(DATA FOR REVIEW Opens)
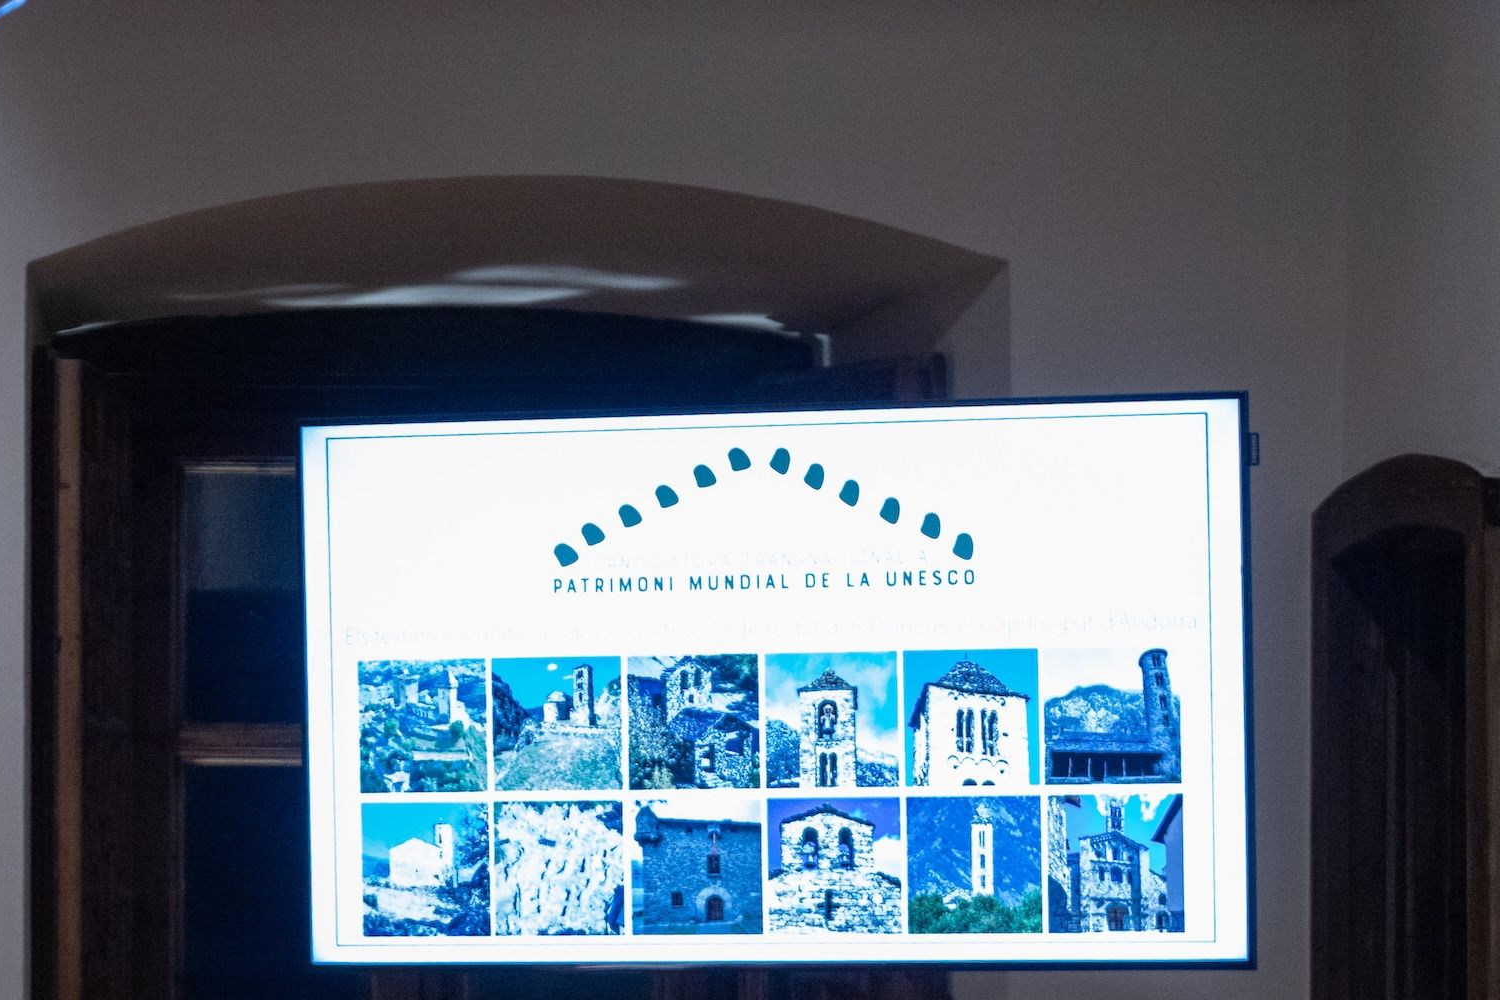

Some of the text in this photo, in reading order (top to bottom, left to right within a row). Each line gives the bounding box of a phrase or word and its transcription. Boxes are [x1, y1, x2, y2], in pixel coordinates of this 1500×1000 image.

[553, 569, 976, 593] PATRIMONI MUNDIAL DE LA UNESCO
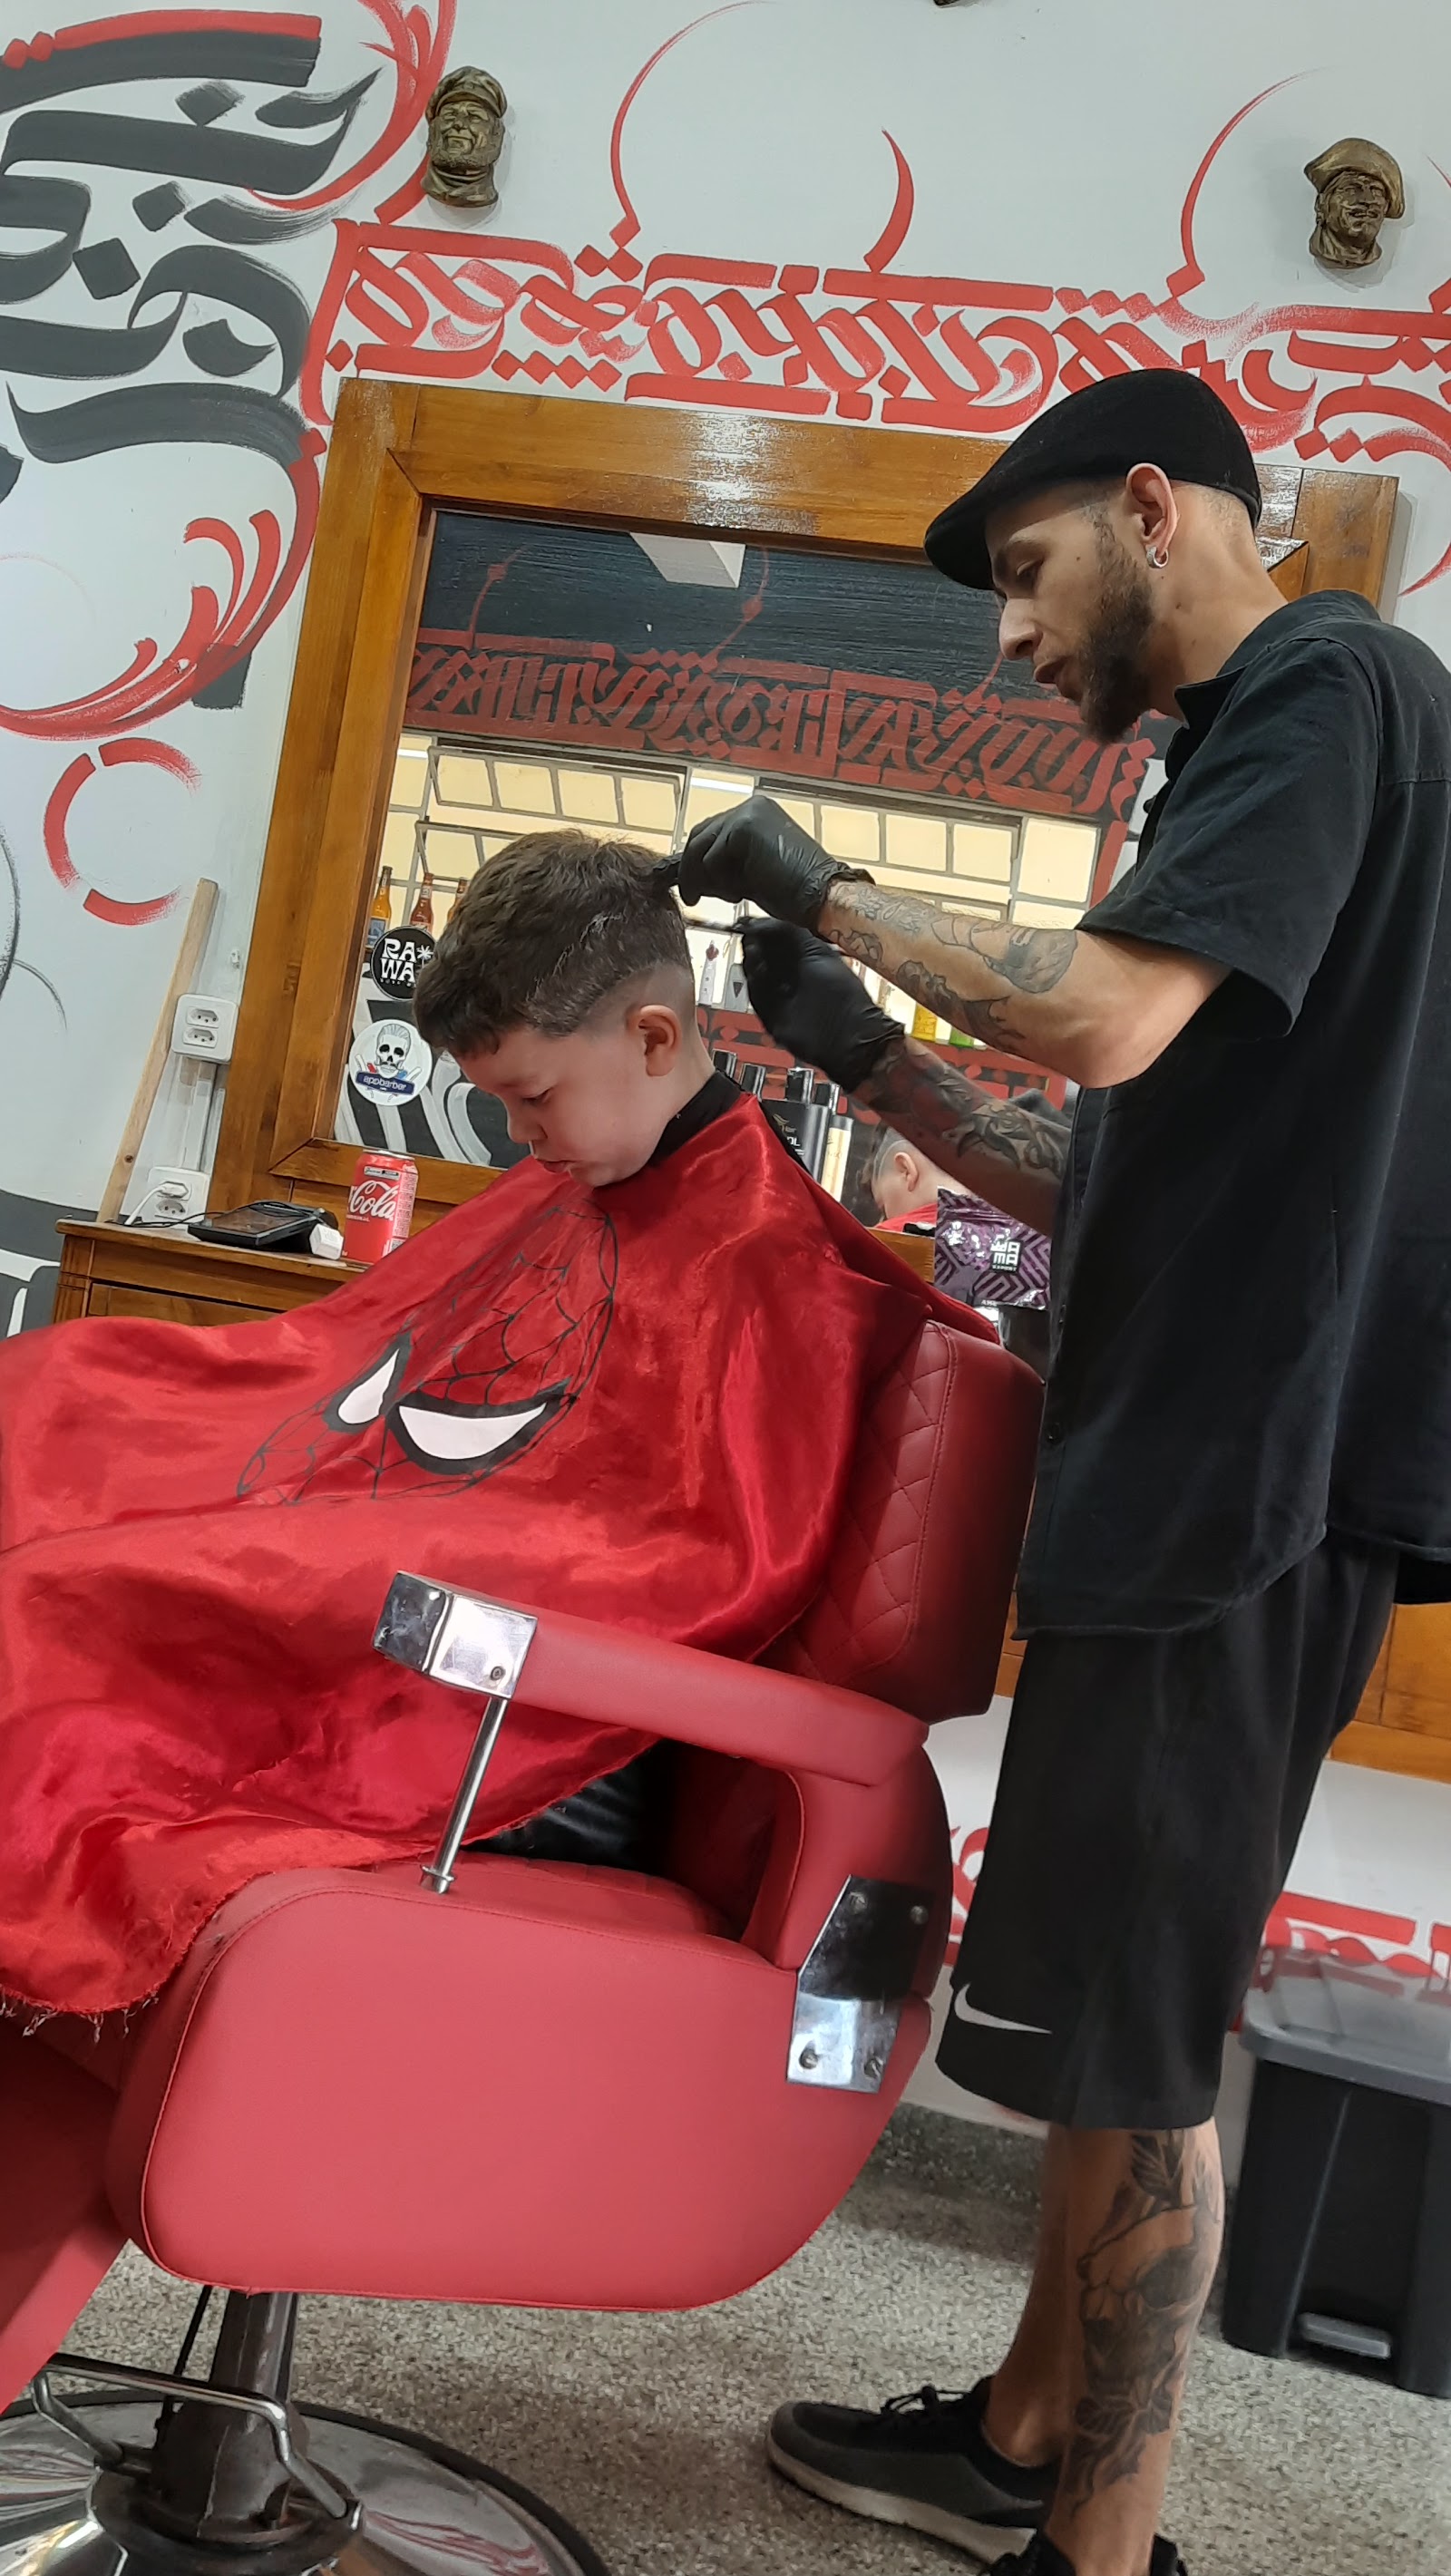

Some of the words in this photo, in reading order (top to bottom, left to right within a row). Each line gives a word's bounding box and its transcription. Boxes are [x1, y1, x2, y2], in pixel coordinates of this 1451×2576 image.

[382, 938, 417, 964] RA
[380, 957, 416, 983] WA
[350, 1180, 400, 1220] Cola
(DATA FOR REVIEW Closes)
* [WORK TO BE COMPLETED]: Print all records word for word, no images.

* [THE COMPLETED TASK]:
Some of the text in this photo, in reading order (top to bottom, left to right within a row). Each line gives the bounding box of a phrase or word and its transcription. Boxes are [x1, y1, x2, y2], in pixel coordinates of this 1500×1000 image.

[553, 569, 976, 593] PATRIMONI MUNDIAL DE LA UNESCO

Some of the words in this photo, in reading order (top to bottom, left to right within a row). Each line gives a word's bounding box and its transcription. Boxes are [x1, y1, x2, y2], in pixel coordinates of this 1451×2576 image.

[382, 938, 417, 964] RA
[380, 957, 416, 983] WA
[350, 1180, 400, 1220] Cola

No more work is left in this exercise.